Pourquoi les politiques n’ont-ils pas de projet sur l’organisation de l’État ?

Il ne suffit pas de dire ou de crier pour que les choses se passent : comment imaginer que la mise en œuvre d’un programme de gouvernement peut se faire sans une vision de l’organisation des structures publiques ?

Diriger n’est plus décider

Sans vouloir dire qu’exercer une responsabilité politique ou diriger un pays s’apparente à diriger une grande entreprise, il n’en reste pas moins que, du point de vue du management, des points communs réels existent :

- Les entreprises, et singulièrement les plus grandes, c’est-à-dire celles qui regroupent plusieurs dizaines de milliers, voire plusieurs centaines de milliers de personnes, et opèrent mondialement, sont des organismes vivants, mouvants et complexes.

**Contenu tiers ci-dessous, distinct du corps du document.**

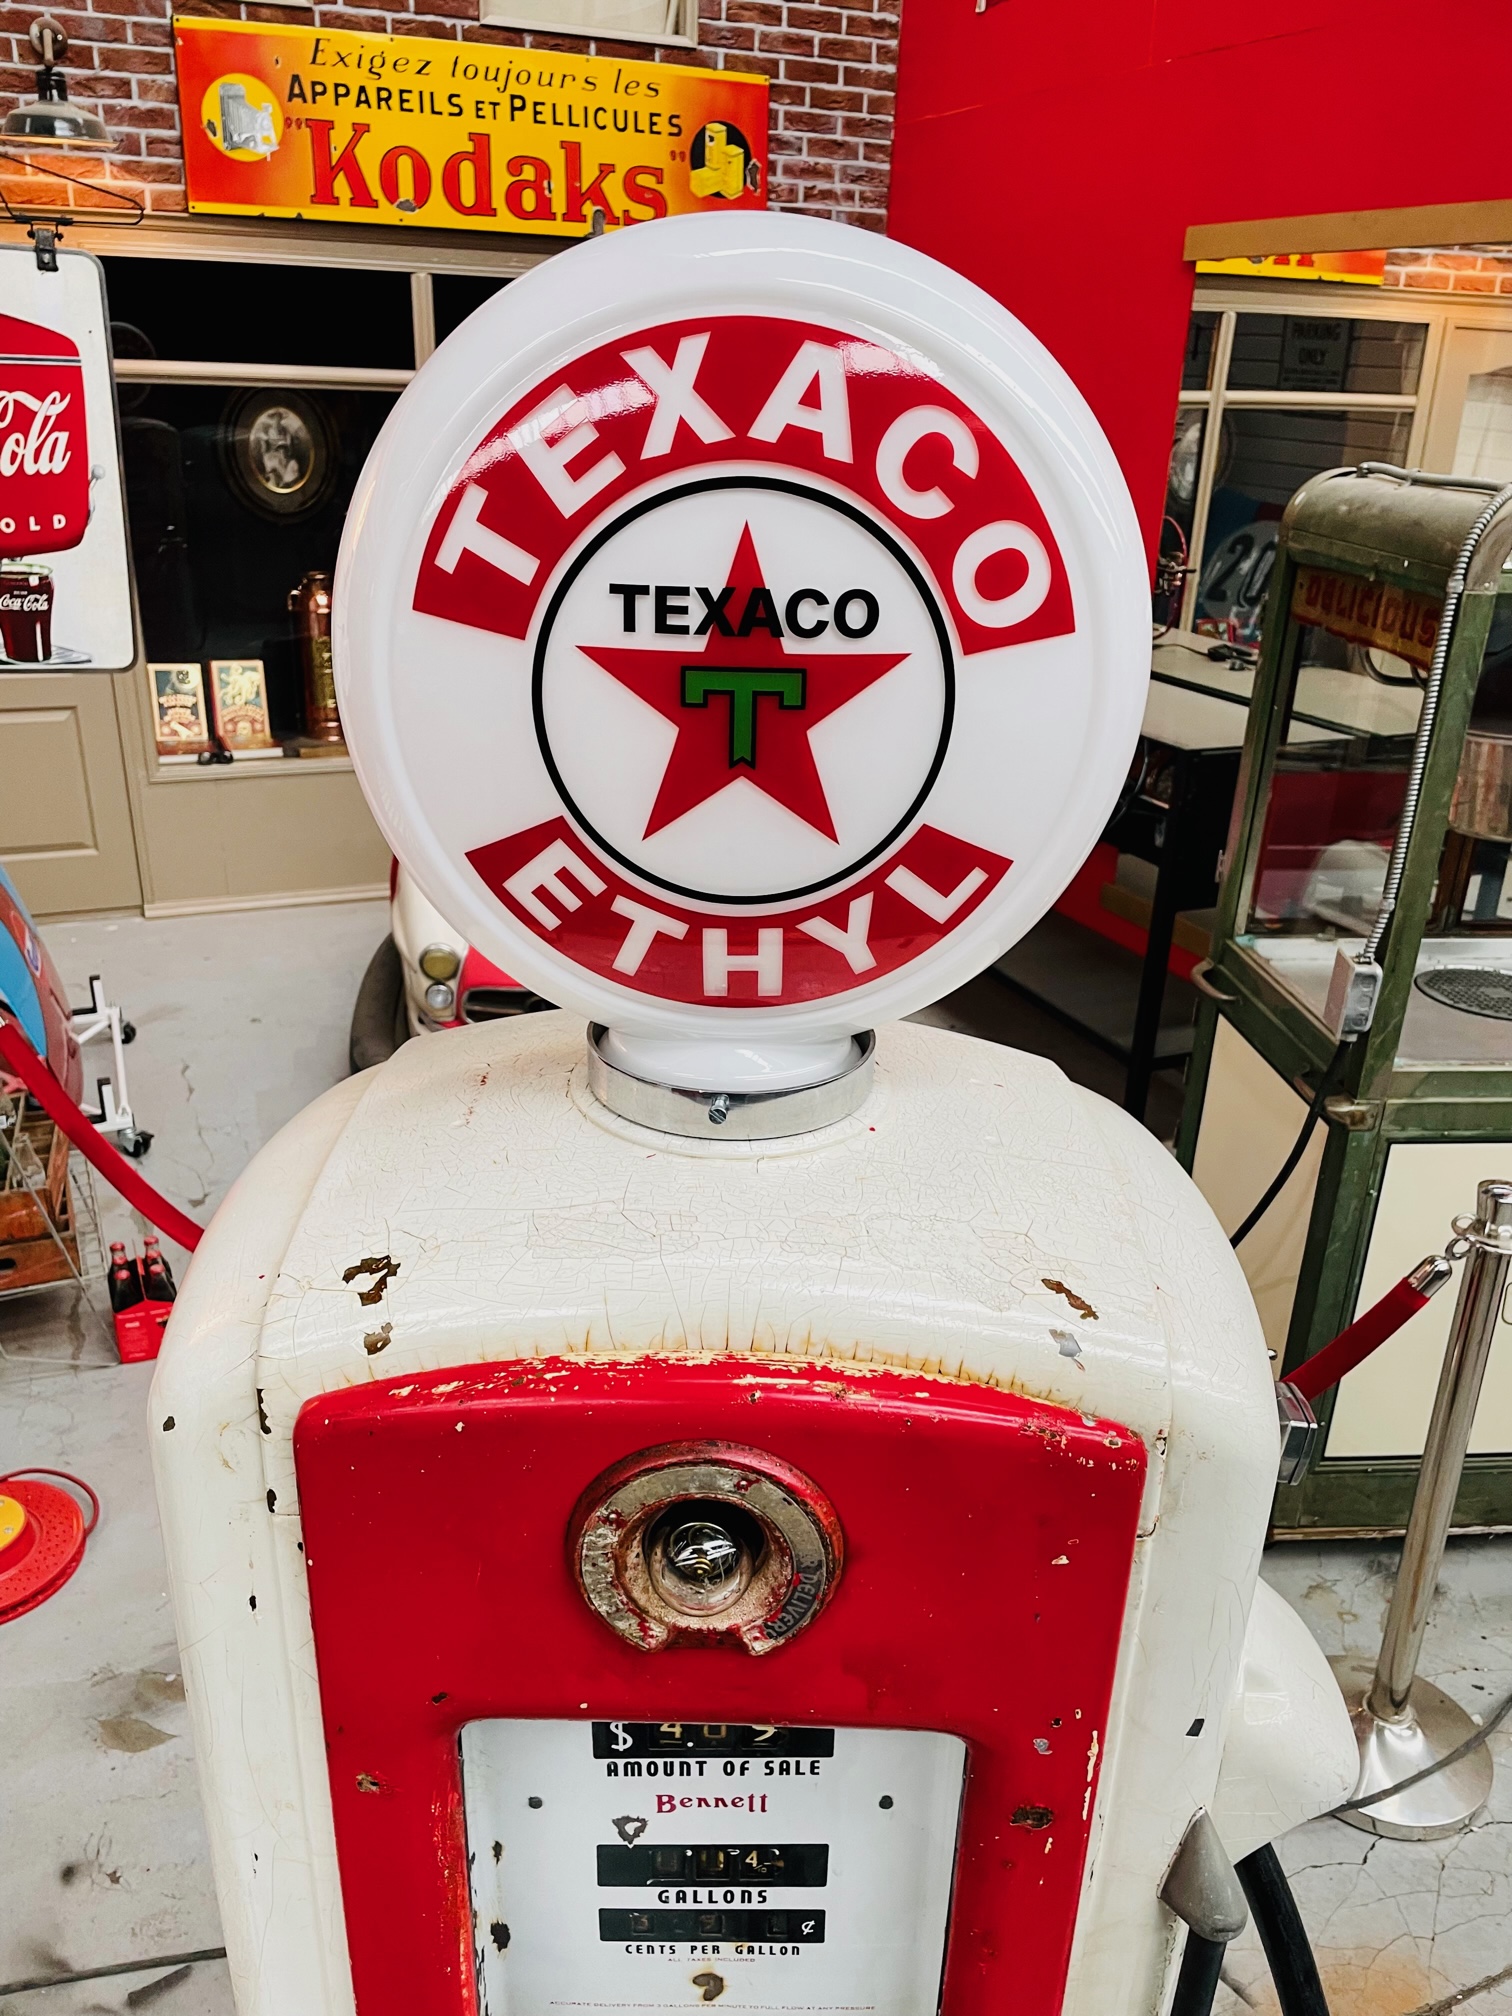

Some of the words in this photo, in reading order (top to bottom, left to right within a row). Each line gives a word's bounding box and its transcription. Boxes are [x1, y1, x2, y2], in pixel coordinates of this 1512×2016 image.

En leur sein, le poids réel et direct des décisions prises par leurs dirigeants est de peu de poids au regard du nombre de décisions qui sont prises constamment de toutes parts, dans l’entreprise, chez ses fournisseurs, ses clients et dans son environnement.

- Aussi la problématique contemporaine du dirigeant, surtout vu l’accroissement continu et constant de l’incertitude, n’est-elle plus tant sa capacité à décider, mais l’émergence : comment faire qu’un ensemble composé d’individus responsables et autonomes, soumis chacun à un réseau de contraintes et d’opportunités qui leur sont propres, va globalement aller dans une direction donnée et se renforcer au cours du temps.

- Atteindre un tel objectif, suppose que le dirigeant soit capable de fixer une vision et des principes d’actions qui tout en formalisation la destination commune et en donnant de sens aux actions locales, laissent chacun apte à tirer parti de la situation réelle, et à affirmer sa liberté.

- À côté de cette vision et ces principes d’action qu’il faut non seulement définir, mais diffuser au sein de l’entreprise, une autre responsabilité-clé du dirigeant est la conception et la mise en place des principes d’organisation : ces principes appelés aussi méta-organisation ne définissent pas dans le détail, les structures, mais dessinent comment l’entreprise est structurée (autour de ses produits, de ses clients, de ses géographies), et quelles sont les expertises critiques à constituer.

Savoir voir ce qui va advenir

Diriger une grande entreprise, c’est donc savoir que ses propres décisions sont finalement de peu de poids au regard tout ce qui s’y décide, que la performance est de plus en plus un phénomène émergent, et que son rôle est de matérialiser une vision et des principes d’action, et de s’assurer qu’ils se diffusent effectivement dans l’entreprise.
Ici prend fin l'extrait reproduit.